It matters little who's in power in D.C. You can rest assured that whoever is at the helm of the federal government's ship of fools, the big will be bailed out and the little will be allowed to sink unmourned. The latest example is this afternoon's announcement by CIT that the feds have told it to take a hike. No more bailout bucks for one of the nation's largest lenders to small businesses.
I understand that the FDIC was particularly reluctant to extend a helping hand. That's understandable in light of the new primary mission of that agency under the Care Bair to make sure that delinquent homeowners are bailed out first, and damn the consequences to FDIC-insured banks. What's good for the consumer is good for banking, according to Chair Bair, and there's no such thing as a bad subprime borrower. Small businessmen and women, on the other hand, can pound sand and man their own lifeboats. There's no free lunch for those pogues. They made their own beds, etc., etc.
The government's picking interesting winners and losers, isn't it? For example, Goldman Sachs.
While it turned up its nose at CIT, the FDIC bent over backwards to make sure that a bank started by Democratic Sen. Inouye of Hawaii got a helping hand of government TARP capital, after one of the Senator's aides called the FDIC "to check on the status" of the bank's TARP application. Even a left-wing rag like the WAPO couldn't let that one pass unnoticed, even managing to grind out an editorial condemning the apparent conflict. Sen. Inouye's lame response to a fawning Honolulu TV outlet was not convincing ("I didn't do it, an aide did it." "I don't sit on the Banking Committee, therefore how could I have any influence?"). Nevertheless, this little incident has blown by most of the in-the-tank MSM, so don't expect it to go anywhere. Furthermore, compared to Maxine Waters and Barney Frank, Daniel Inouye's a rank amateur when it comes to this stuff, and those two squirrels are still going strong, so Inouye will almost certainly skate away from any consequences other than a reporter's annoying question or two.
Although The Wall Street Journal panned any move to bail out CIT, it's editorial staff had the honesty to point out the injustice of who's been picked to survive and who's been left to die.
Of course, if the feds do let CIT fail, this will only confirm that the only certain survivors in the current market are banks big enough that the government figures it must bail them out.
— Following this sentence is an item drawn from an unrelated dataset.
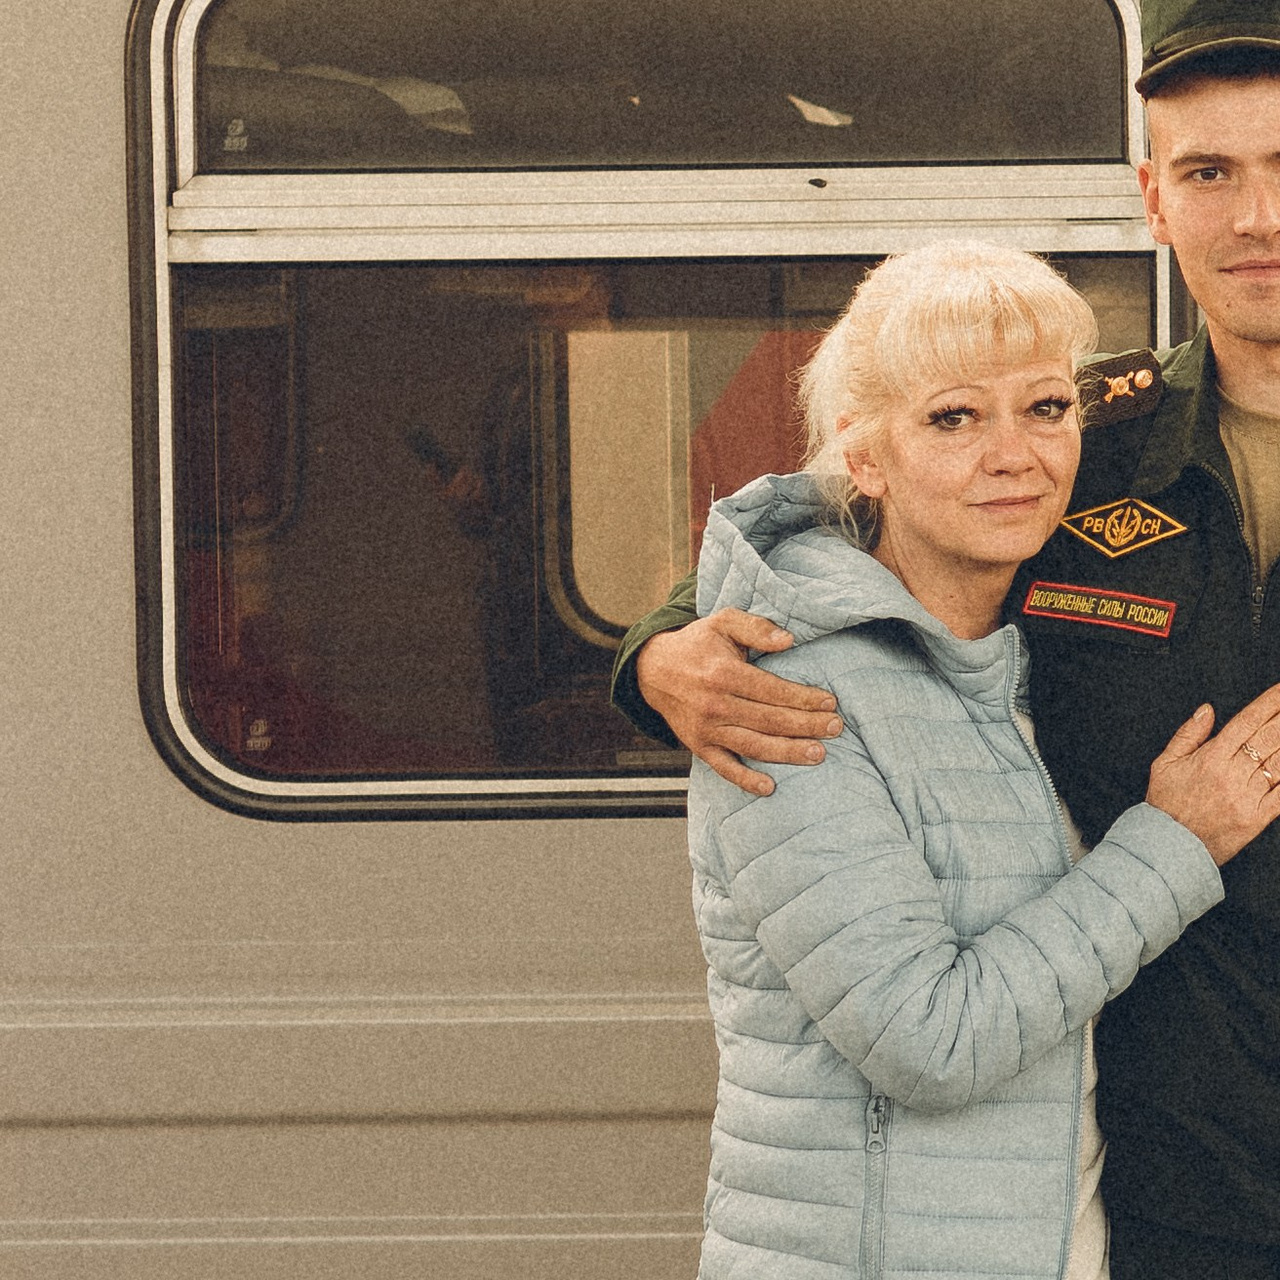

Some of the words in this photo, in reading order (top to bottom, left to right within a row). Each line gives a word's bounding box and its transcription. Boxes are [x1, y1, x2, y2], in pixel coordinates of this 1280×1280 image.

[1030, 589, 1097, 614] ВООРУЖЕННЫЕ
[1097, 599, 1125, 619] СИЛЫ
[1127, 604, 1169, 627] РОССИИ
Just ask the many small banks that have been rolled up by the FDIC at a rate of two a week since the beginning of the year, with eight so far in July alone. That can only strengthen the likes of Goldman [Sachs], which apparently needs no help printing money anyway.
Some day, there will be payback. When and how may not appear to be clear at the moment, but having been through these cycles before, I am convinced that "a day will come."